Atkins has been important to my Burrises for over 170 years.

They may have branched out to work in Russellville, but Atkins was the town closest to where they lived.
The paper has a hometown feel. When two cars belonging to locals collide, readers not only get the facts about the wreck, but a little comment about whose kids these are.

Even if the "kids" in question have been adults themselves for several decades.

There are columns written by the residents of the local townships, in keeping with newspapers of yore.

Those columns are full of "my momma" and "her daddy" and critiques of the organist's performance in church last Sunday.

But my favorite section of the paper is one called Memories.That section contains reprints of snippets of information published by The Atkins Chronicle 25, 50, 75 and 100 years ago.

From the files of October 18, 1912:
Born to J D Boen and wife, Oct. 5, a girl.

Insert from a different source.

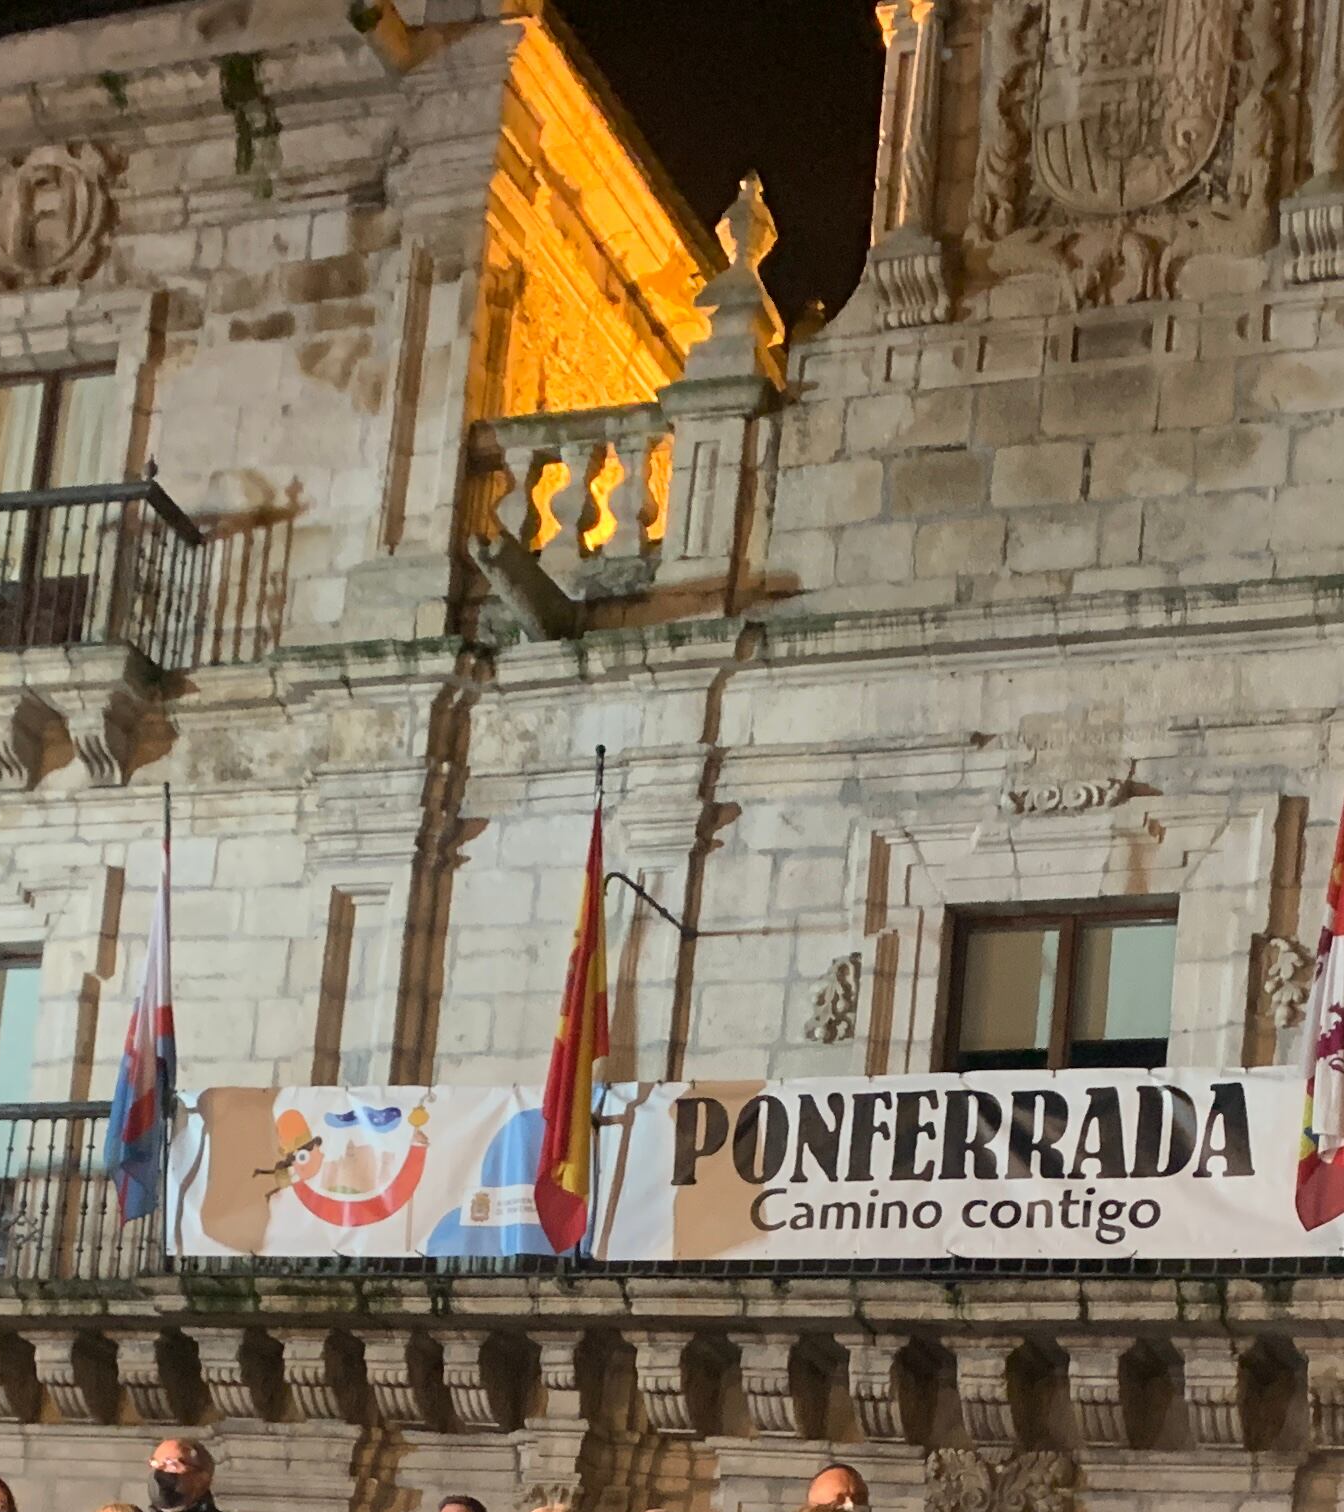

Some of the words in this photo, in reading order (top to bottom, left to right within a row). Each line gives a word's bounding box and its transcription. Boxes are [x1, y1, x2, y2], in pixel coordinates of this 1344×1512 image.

Born to Wiley Godbey and wife, the 14th, a boy.
(My editorial comment...what a trip. "And wife," like she was just incidental to the birth.)

Atkins has thirteen automobiles - someone get another - break the number. (Do we detect some triskaidekaphobia there?)

From the files of October 25, 1912:
Atkins has 17,681 running feet of concrete walk and about 500 feet of walk to house entrances.
I wonder how they decide which memories to publish?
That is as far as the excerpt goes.